Para Humberto, flexibilização das leis trabalhistas pode aumentar desemprego

Segundo Humberto, a proposta trabalhista defendida pelo governo Temer é ruim para os trabalhadores e só atende aos interesses patronais. Foto: Tarsio Alves
Segundo Humberto, a proposta trabalhista defendida pelo governo Temer é ruim para os trabalhadores e só atende aos interesses patronais. Foto: Tarsio Alves

 
Uma das principais medidas defendidas pelo governo de Michel Temer (PMDB) para implementar sua criticada agenda político-econômica no país, a flexibilização das leis trabalhistas tem contribuído para o aprofundamento do desemprego no mundo. A avaliação é do líder do PT no Senado, Humberto Costa (PE). O parlamentar citou levantamento da Organização para Cooperação e Desenvolvimento Econômico (OCDE), que afirma que os países que adotaram uma legislação trabalhista que favorece a contratação de temporários com baixo nível de direitos, tiveram, na verdade, um aumento do índice de desempregados.
Segundo dados da OCDE, países como a Espanha e a Irlanda tiveram aumento considerável do número de desempregados após reformas trabalhistas. Na Espanha, o desemprego alcançou 19,4% em 2009, valor 5,4 pontos percentuais acima do registrado um ano antes, quando o país ainda não havia aprovado a mudança. Na Irlanda, o desemprego praticamente dobrou após as reformas, passando de 7,7% para 12,9% no ano seguinte à flexibilização.
De acordo com o líder do PT no Senado, a proposta trabalhista defendida pelo governo Temer é ruim para os trabalhadores e só atende aos interesses patronais. “Eles estão preparando um pacote que não beneficia em nada o povo. É um projeto para agradar os patos da Fiesp, que ajudaram a patrocinar o golpe contra a presidente Dilma Rousseff. Já falaram até em jornada de trabalho de 12 horas para o trabalhador. Isso é inadmissível”, afirmou Humberto. “Querem eliminar direitos históricos, conquistados à custa de muita luta, destruindo a CLT. Não vamos permitir.”

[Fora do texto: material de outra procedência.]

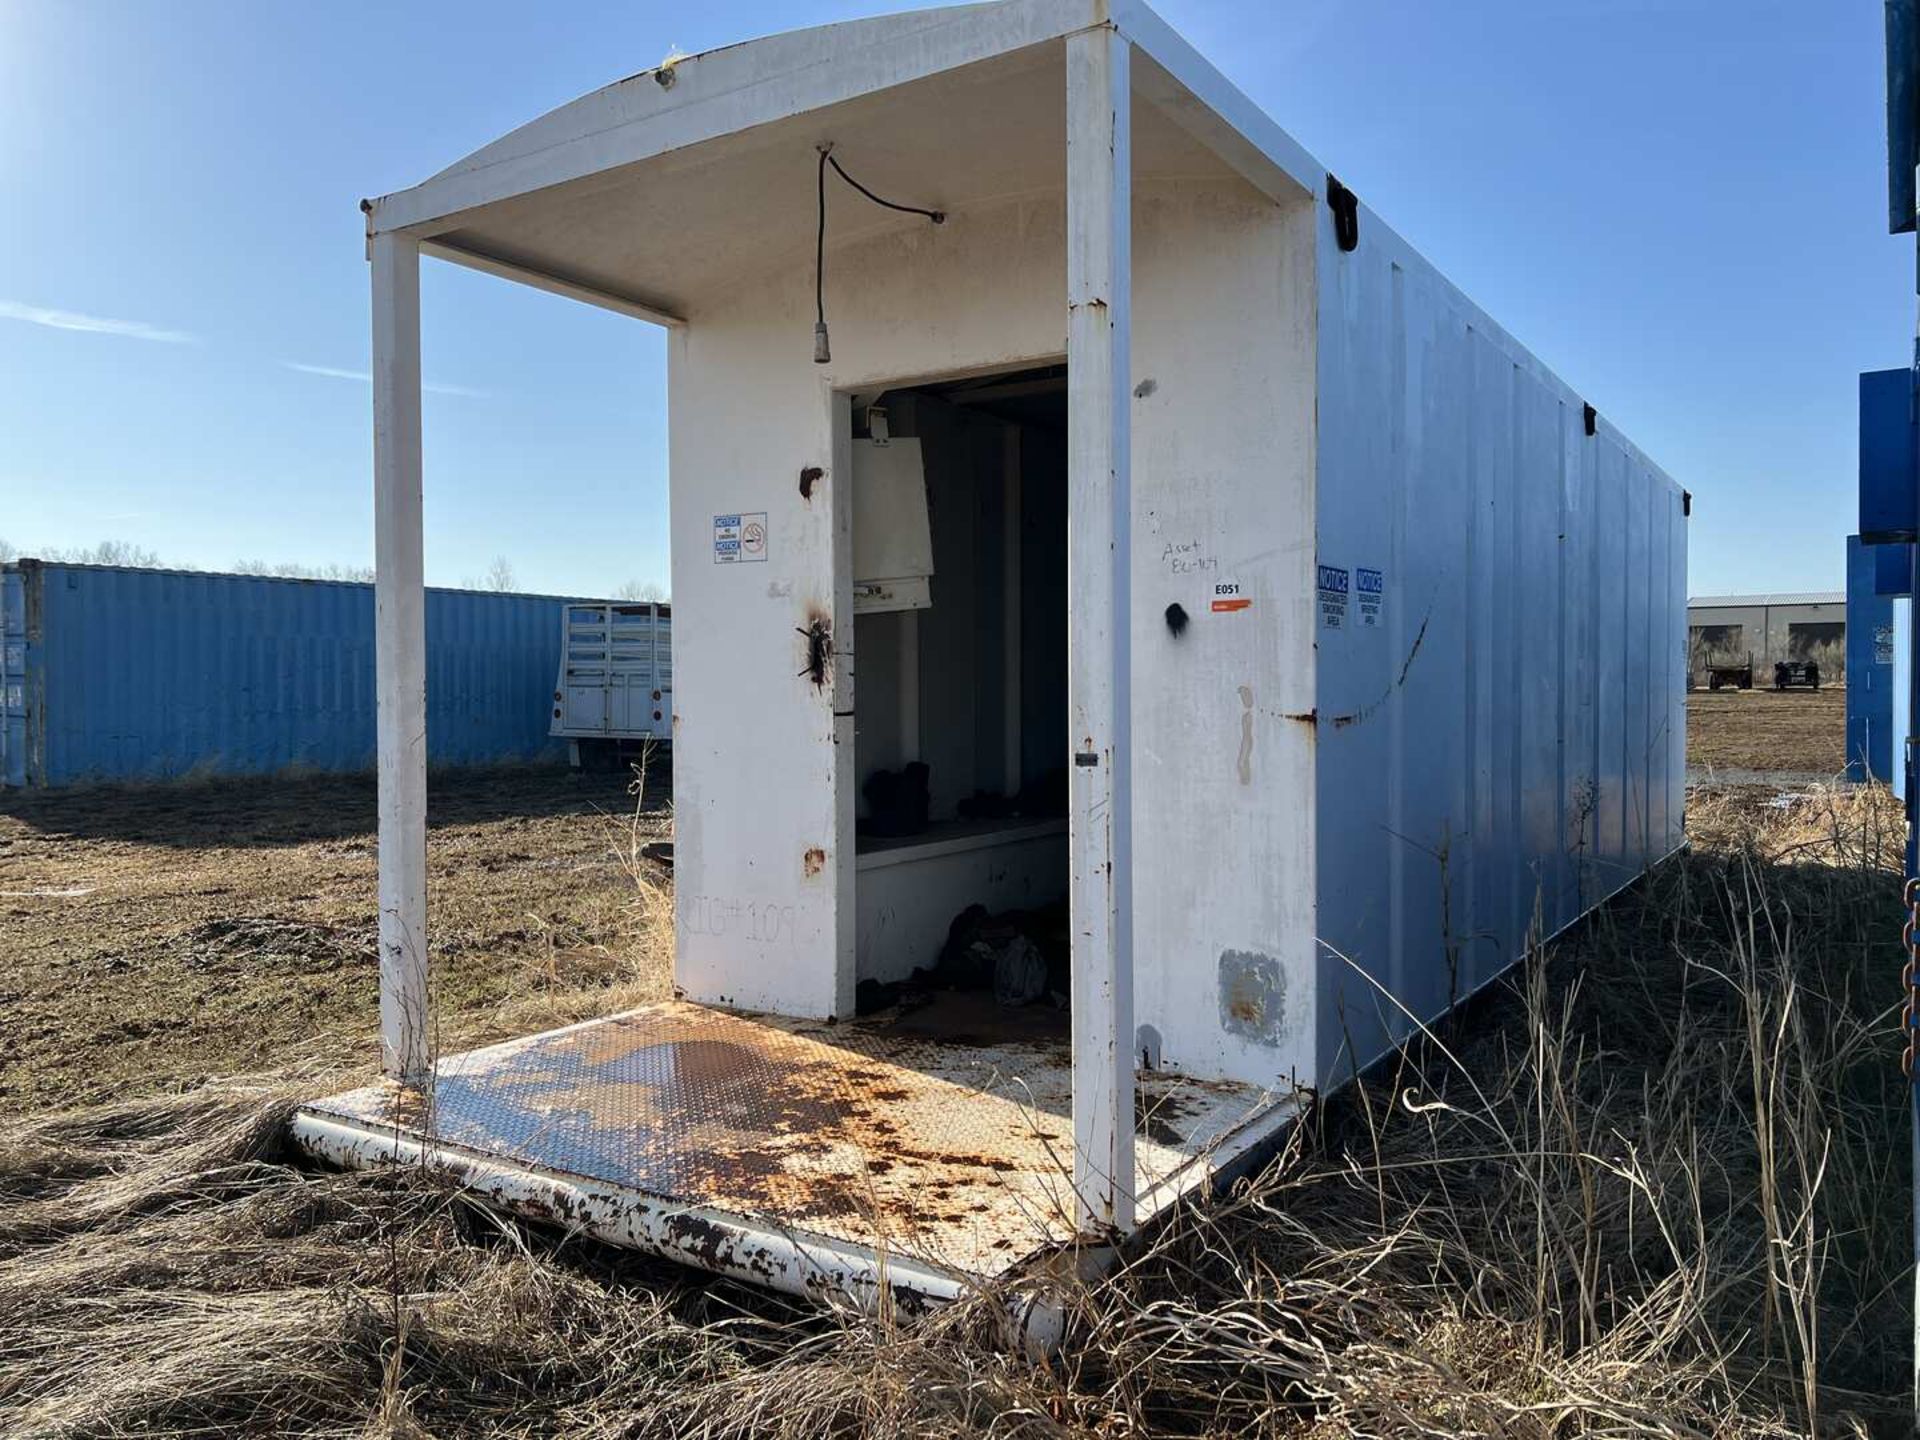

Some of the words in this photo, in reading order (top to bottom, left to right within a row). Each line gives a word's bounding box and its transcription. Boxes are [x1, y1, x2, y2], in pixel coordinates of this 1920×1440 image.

Segundo o senador, só a mobilização da sociedade poderá barrar as reformas previstas pelo governo Temer. “É imprescindível que tomemos às ruas e que sigamos a luta para que os direitos sejam assegurados. Não podemos aceitar que um governo ilegítimo e sem voto vá na contramão da experiência mundial e prejudique quem mais precisa, que são os trabalhadores. Temos que ocupar as ruas, as redes para assegurar que, no Brasil, não haverá nenhum direito a menos”, afirmou Humberto.